→ **Instructions for the task**
What you give back must match the data exactly, minus the pictures.

→ **Material to process**
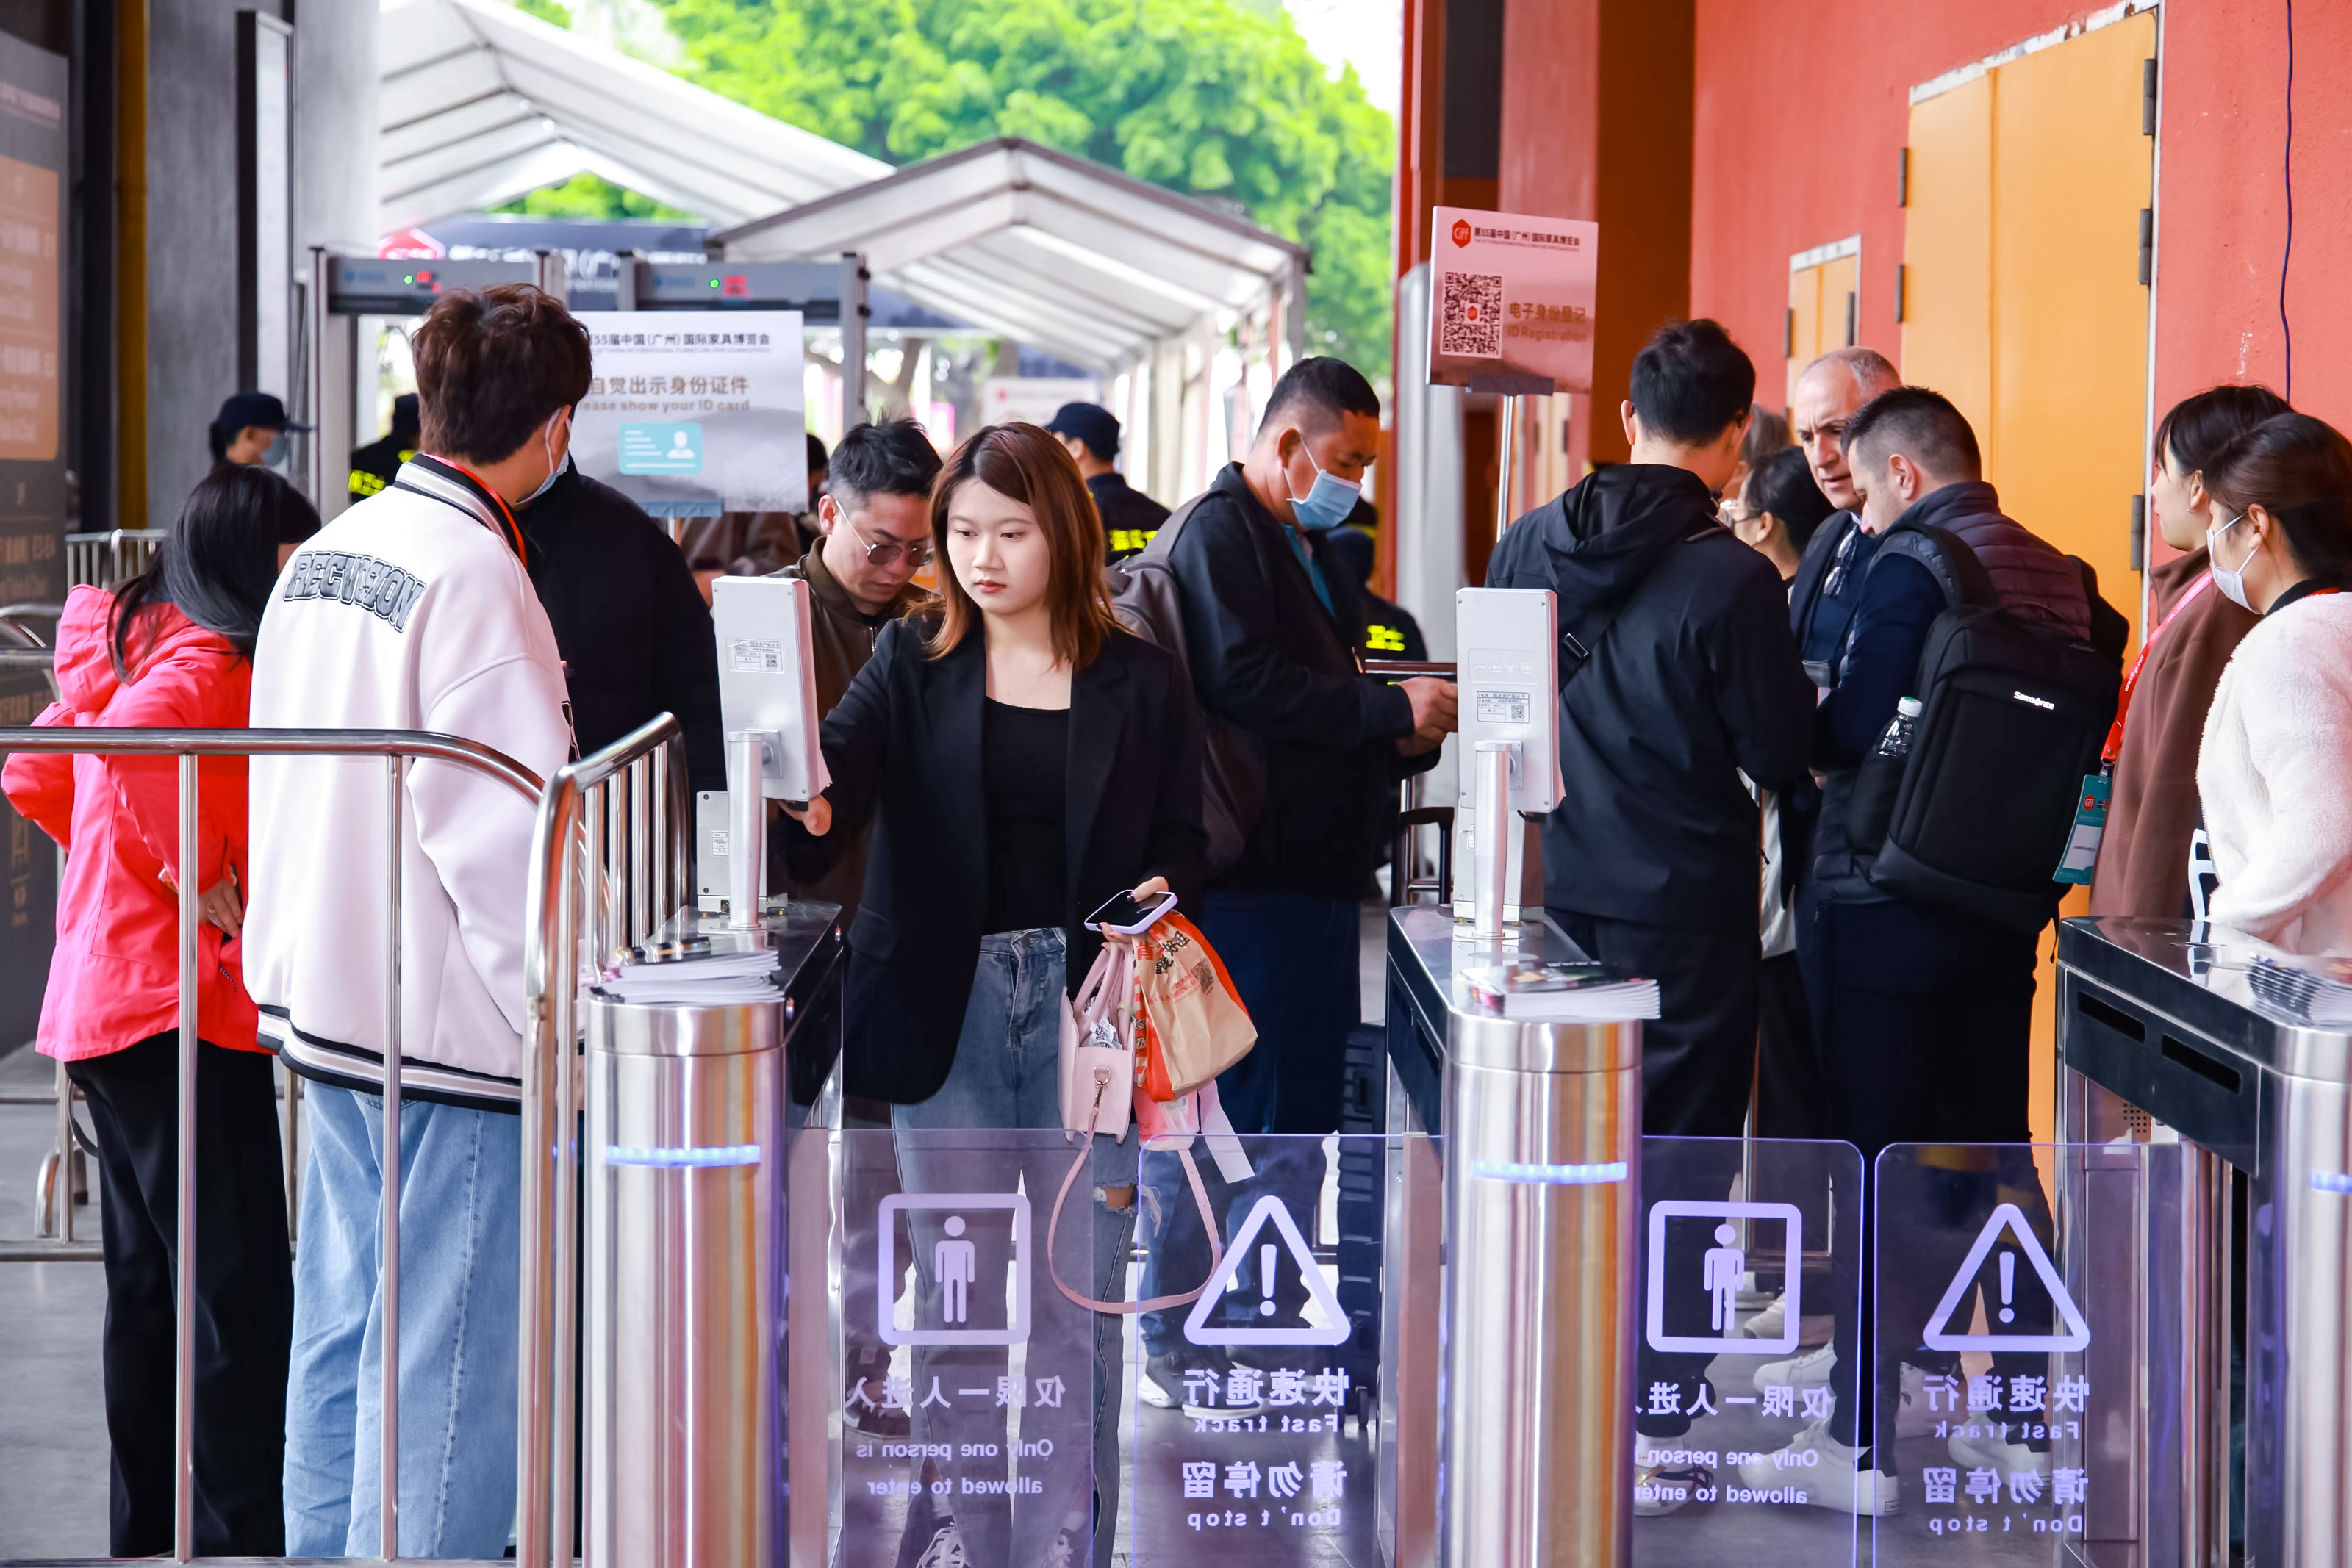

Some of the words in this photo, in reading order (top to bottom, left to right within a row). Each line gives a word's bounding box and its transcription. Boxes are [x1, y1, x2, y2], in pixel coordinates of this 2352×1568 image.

[1509, 302, 1587, 323] 电子身份登记
[589, 333, 770, 346] 55届中国（广州）国际家具博览会
[1521, 326, 1587, 342] Registration
[579, 400, 616, 411] lease
[621, 400, 658, 411] show
[662, 401, 695, 414] your
[698, 399, 714, 411] ID
[717, 400, 750, 411] card

→ **Written solution**
Some of the words in this photo, in reading order (top to bottom, left to right within a row). Each line gives a word's bounding box and its transcription. Boxes are [x1, y1, x2, y2], in pixel coordinates of this 2352×1568 image.

[1509, 302, 1587, 323] 电子身份登记
[589, 333, 770, 346] 55届中国（广州）国际家具博览会
[1521, 326, 1587, 342] Registration
[579, 400, 616, 411] lease
[621, 400, 658, 411] show
[662, 401, 695, 414] your
[698, 399, 714, 411] ID
[717, 400, 750, 411] card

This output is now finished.